Giunge a Villa Zito, a Palermo, la mostra di Patrizia Mussa “Teatralità – Architetture per la meraviglia”, dopo aver debuttato al Palazzo Reale di Milano lo scorso dicembre. Il curatore, Antonio Calbi, definisce luoghi ravvivanti per l’immaginario le grandi immagini di Patrizia Mussa, fotografa d’architettura, che omaggia la teatralità architettonica di tutta Italia. La qualità scenica dei teatri italiani è riletta ed esaltata in più di settanta rappresentazioni, con interventi di coloritura a mano.

L’excursus espositivo si muove dai primi teatri non provvisori di Vicenza, Sabbioneta e Parma – che segnano il passaggio dai teatri di corte agli edifici veri e propri – al Teatro alla Scala di Milano, al San Carlo di Napoli, La Fenice di Venezia, il Teatro Regio di Torino, il Teatro Argentina di Roma, la Pergola di Firenze, il Teatro Massimo di Palermo; spazio anche ad architetture che documentano la mission “teatrale” di alcuni esempi di architettura civile italiana, come la Reggia di Venarìa, quella di Stupinigi, la Reggia di Caserta, Palazzo Grimani a Venezia.
Ma le fotografie di Patrizia Mussa non vogliono solo descrivere il magnificente patrimonio architettonico dei teatri, bensì anche farsi portavoce della funzione comunitaria di questi ultimi, che uniscono e creano legami, incontri e condivisioni, assurgendo persino ad “ambiti dell’anima, della visione e dell’ascolto […], spazi liminali dove è possibile superare il dato reale per provare a sfiorare il mistero che si nasconde dietro le cose”, afferma Antonio Calbi.
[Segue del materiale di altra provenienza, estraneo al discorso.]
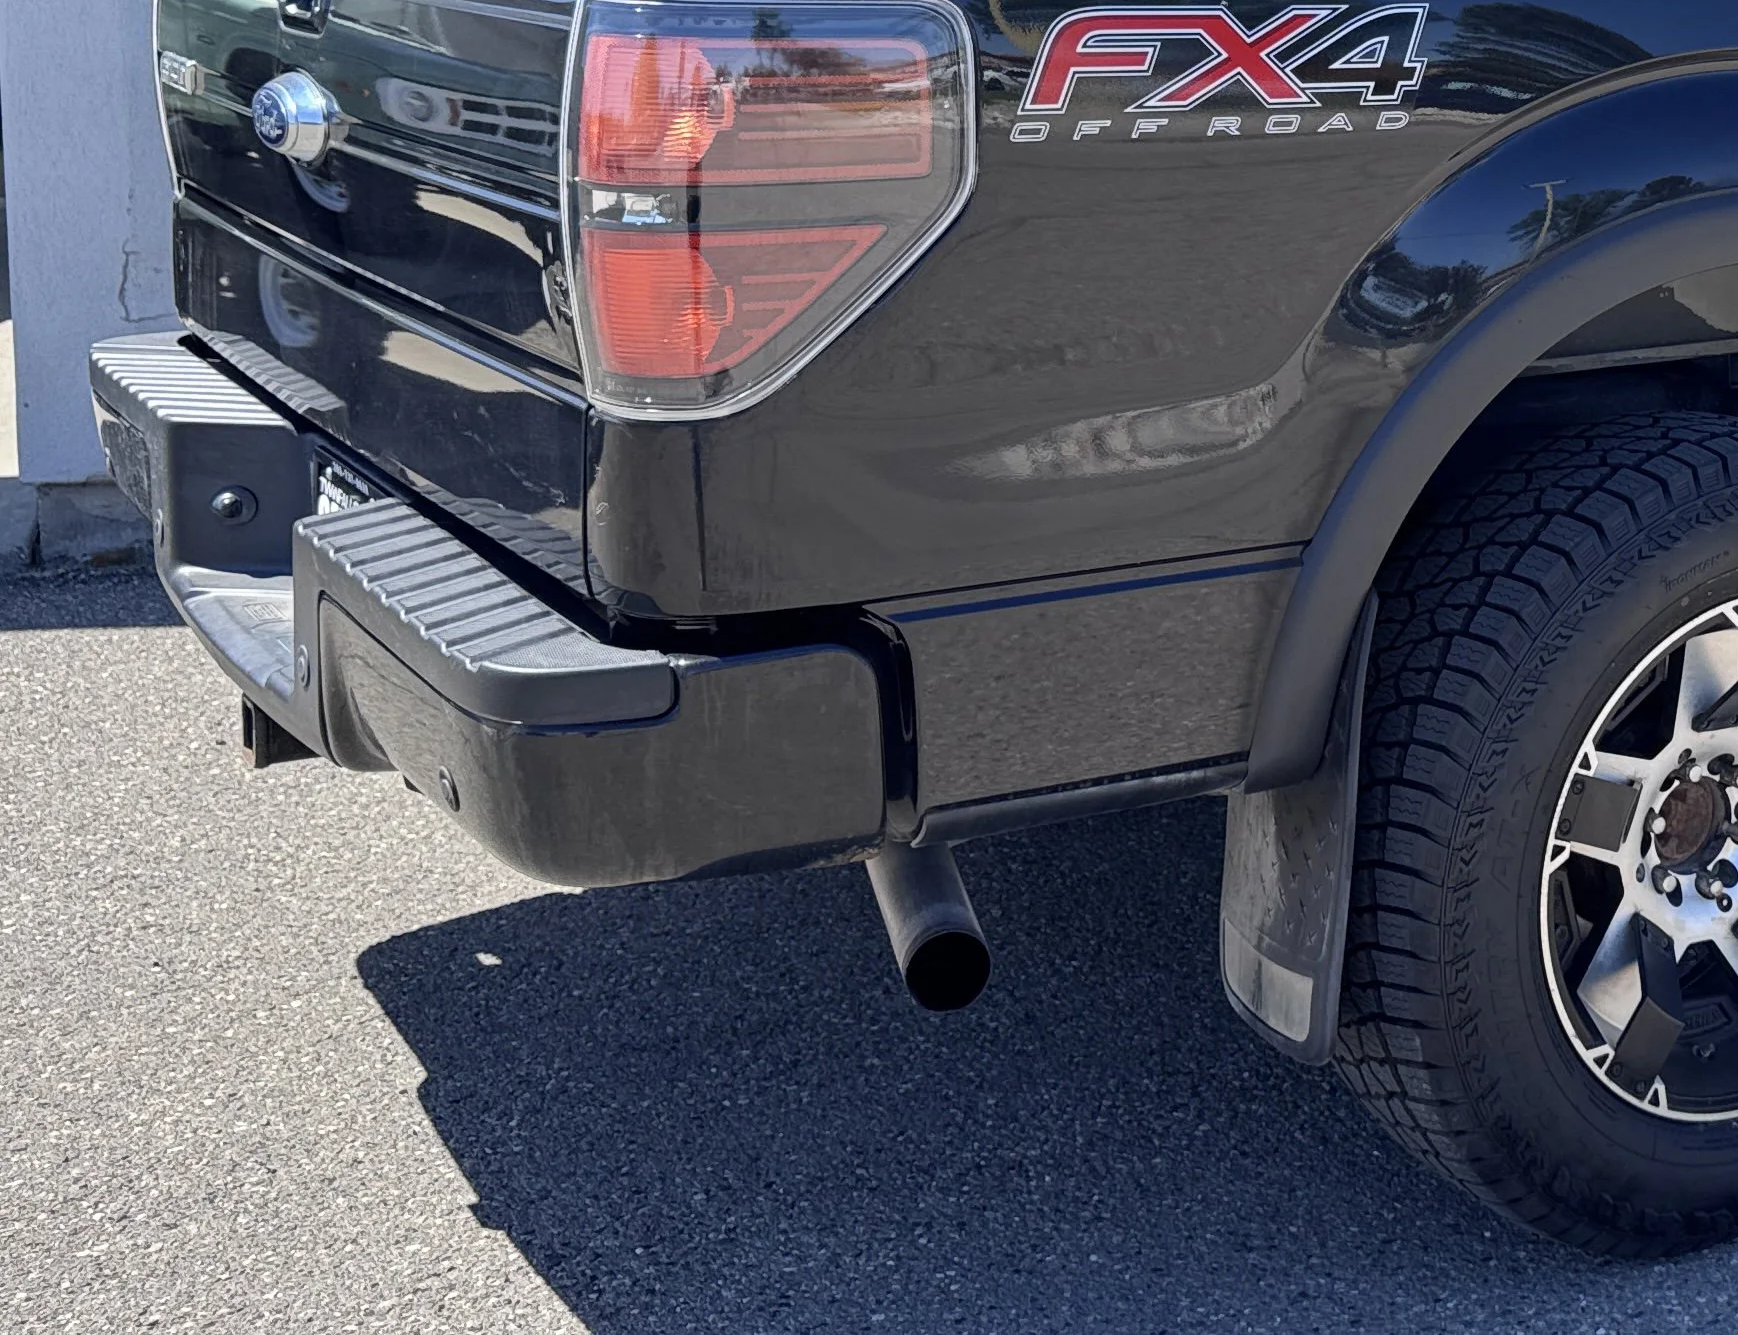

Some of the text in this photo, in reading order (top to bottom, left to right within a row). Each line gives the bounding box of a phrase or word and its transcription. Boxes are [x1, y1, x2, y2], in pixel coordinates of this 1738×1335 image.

[1017, 3, 1430, 115] FX4
[1009, 111, 1411, 143] OFF ROAD
Per la mostra di Palermo si è deciso di integrare il lavoro già fatto e presentato a Palazzo Reale a Milano con delle riprese realizzate appositamente nel Parco archeologico di Segesta. Il Teatro Massimo era già presente a Milano, ma l’artista ha voluto realizzare stampe più grandi appositamente per Palermo. Poi c’è il Politeama e anche “un luogo dalla teatralità assoluta che è la palermitana Chiesa del Gesù, posto importante per raccontare la teatralità siciliana”, afferma Patrizia Mussa. Seguono poi la “villa dei mostri”, cioè la Villa Palagonia di Bagheria, visitata e descritta da Goethe e conosciuta per le sue stravaganti figure; e il Teatrino settecentesco che il principe di Trabia, Ottavio Lanza di Branciforte, fece smontare da Palazzo Butera a inizio ʼ900 per portarlo a Parigi e che oggi è collocato nella sede francese dell’Ambasciata d’Italia.
Lo stile fotografico di Patrizia Mussa ricorda il rigore astratto della prospettiva centrale, data la predilezione della visione frontale. La luce è naturale, il fuoco totale. Le architetture sono leggibilissime, meticolose, scandite da ritmi costanti e un equilibrio ferreo, assicurato da simmetrie dal gusto rinascimentale. Ma la scrittura di luce dell’artista diviene poi gesto pittorico perché dopo la realizzazione della stampa su carta cotone lei ripercorre i dettagli architettonici con i pastelli colorati, come con i dipinti e gli arazzi.

“I teatri fotografati e rielaborati da Patrizia Mussa – afferma quindi il curatore – sono quintessenze formali, poesia visiva, esistenzialismo pittorico senza figure umane”. Infatti l’intento non è catalogativo, quanto di rielaborazione personale e artistica: “Un lavoro di rigore e ripensamento, – spiega la fotografa – uno sguardo ad occhi socchiusi, l’innesco di un processo onirico, di smagliatura, di impoverimento, la ricerca di una radice, di un’anima, di un altro significato; una sorta di radiografia, di istantanea retinica o corticale, impressa su un velo sottile”.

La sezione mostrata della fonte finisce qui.